VICTOR HUGO, PAIR DE FRANCE

Au printemps 1845, Victor Hugo voit enfin se réaliser son rêve de grandeur. Déjà membre de l'Académie Française, l'écrivain accède à la Chambre des Pairs, où il est nommé par le roi Louis Philippe. Mais, quelques mois plus tard, son prestige va être terni par un "énorme" scandale, qui lui vaudra d'être blâmé et raillé par la presse.

En 1841, Victor Hugo a été élu à l'Académie française au fauteuil du dramaturge Népomucène Lemercier. Dans son discours de réception, il a fait maintes illusions à la politique, et certains ont pensé qu'il ambitionnait de se voir confier un portefeuille ministériel. L'année suivante, après la parution de l'ouvrage Le Rhin. Lettres à un ami, Lamartine lui a écrit : "Le roi vous fera pair et nous vous ferons ministre. Mais qu'importe tout cela à celui que la nature a fait Hugo?"
Pour le chef de file du romantisme, 1843 est une année noire. En avril, son drame Les Burgraves a été un échec. Mais surtout, le 4 septembre, il a perdu Léopoldine, sa fille aînée tant chérie.

Un fort coup de vent a retourné l'embarcation qui faisait route vers Le Havre, et la jeune femme, son mari, Charles Vacquerie, un oncle et un petit cousin ont péri noyés dans la Seine près de Villequier. Cinq jours plus tard, alors qu'il se trouve à Rochefort, Victor Hugo est informé de la tragédie par hasard, en lisant le journal Le Siècle. Le poète est effondré, terrassé par la disparition de cette enfant lumineuse, âgée seulement de 19 ans. Au point qu'il se détourne provisoirement de la création littéraire pour se consacrer à l'activité politique.
Catholique et légitimiste sous la Restauration, Victor Hugo est devenu libéral. Il s'est même attaché à Louis Philippe, qu'il considère comme un souverain éclairé, et à la monarchie constitutionnelle. En juillet 1842, après la mort accidentelle du duc Ferdinand d'Orléans, fils aîné du roi-citoyen et héritier du trône, il est allé, en tant que directeur de l'Académie française, présenter des condoléances à la famille royale.

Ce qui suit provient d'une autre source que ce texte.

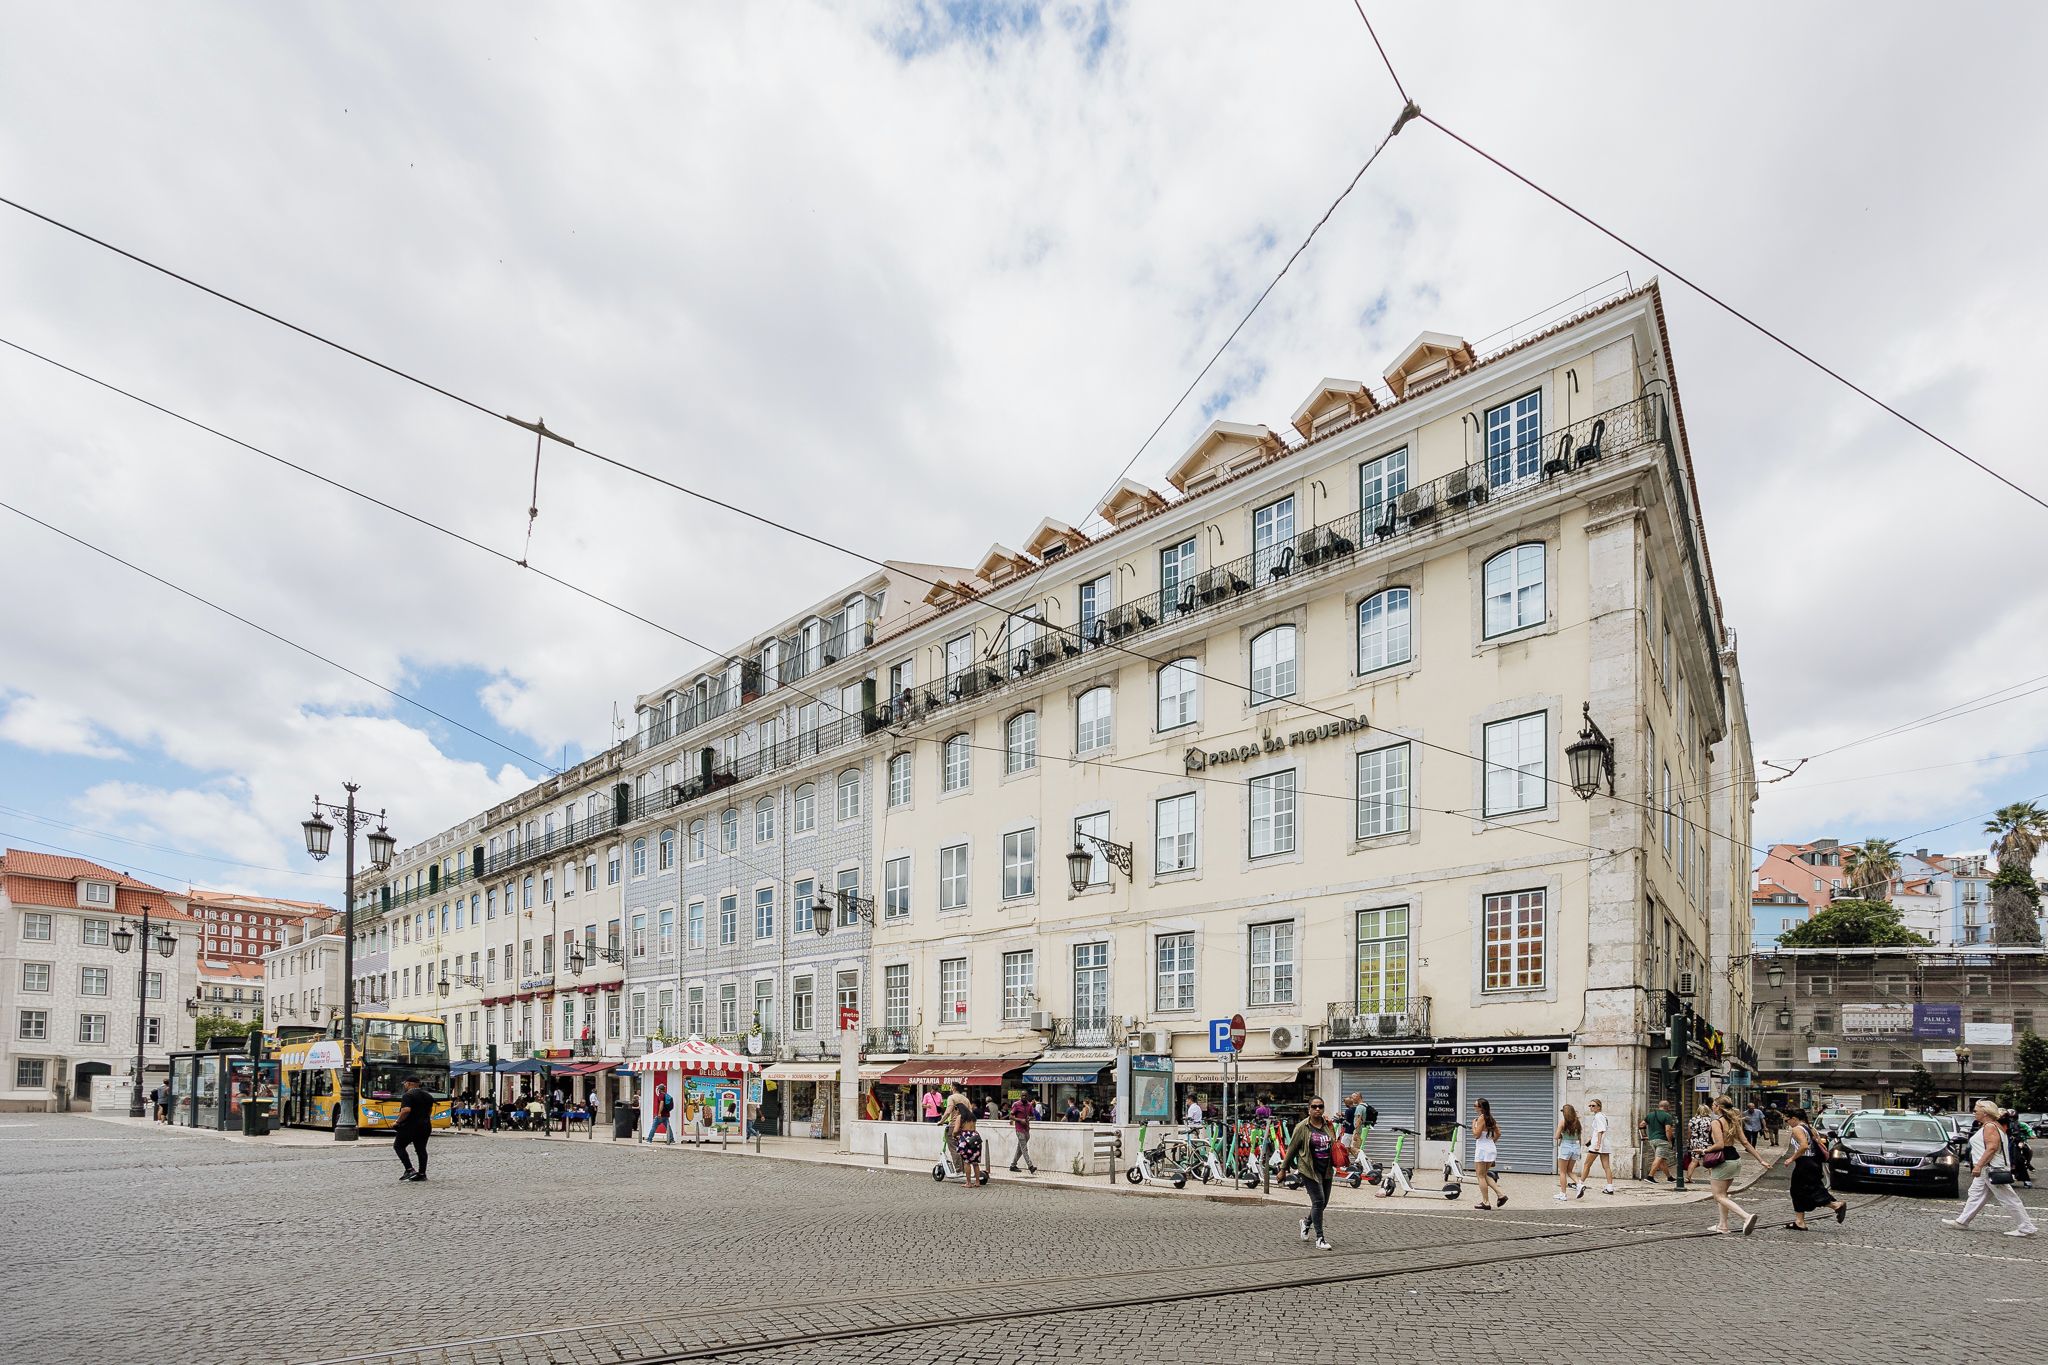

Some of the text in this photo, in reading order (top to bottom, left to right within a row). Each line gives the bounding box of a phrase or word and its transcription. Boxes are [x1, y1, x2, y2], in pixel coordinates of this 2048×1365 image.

Il semble que depuis lors il soit devenu un familier de la Cour et du palais des Tuileries.
Le 13 avril 1845, le roi nomme Victor Hugo Pair de France. Le 20 avril, le poète transmet au maréchal Soult, Président du Conseil, les documents indispensables à l'enregistrement de sa nomination par la Chambre des Pairs. Le 28 avril, il prète serment devant l'assemblée. La nouvelle de son élévation à un titre auquel il peut prétendre en tant que membre de l'Académie française suscite un véritable tollé chez les républicains :
"Saluez monsieur le vicomte Hugo, pair de France! La démocratie, qu'il a insultée, peut désormais en rire : la voilà bien vengée!"

Quelques mois plus tard, cette nouvelle distinction va révéler fort opportunément les privilèges qu'elle confère. Le 5 juillet, Victor Hugo est surpris par la police en flagrant délit d'adultère. L'incident a lieu rue Saint Roch, où le poète rend visite à Léonie Biard d'Aunet, avec qui il entretient une liaison passionnée qui durera plusieurs années et dont Juliette Drouet, sa maîtresse en titre, ignore tout! Mais le mari de la belle infidèle, le peintre François Biard, n'apprécie guère et porte plainte. Il suffit à Hugo de se prévaloir de l'immunité des pairs pour se voir remis en liberté. La pauvre Léonie, quant à elle, est conduite illico à la prison Saint Lazare, où elle restera deux mois. L'affaire fait scandale. La presse blâme et raille à loisir le mari volage, l'académicien indigne de son rang, le pair de France usant sans vergogne de ses privilèges. Lamartine en fait un mot : "En France, on se relève de tout, même d'un canapé". Sainte Beuve juge cet adultère "énorme".
Son prestige et sa dignité ternis, Victor Hugo est obligé de s'isoler. Dans le grand appartement situé au deuxième étage de l'hôtel de Rohan Guémenée, place Royale (actuelle place des Vosges), il se remet au travail, renoue avec la littérature.
En novembre, il entreprend la rédaction d'un roman, Jean Tréjean. Bien qu'il assiste avec assiduité aux séances de la Chambre des Pairs, il exprime ses préoccupations pour les questions sociales dans un autre ouvrage, Les Misères, qui paraîtra en 1862 sous le titre Les Misérables. Après la révolution de 1848, sa dernière intervention en faveur de la monarchie sera de réclamer, en vain, la régence pour la duchesse d'Orléans.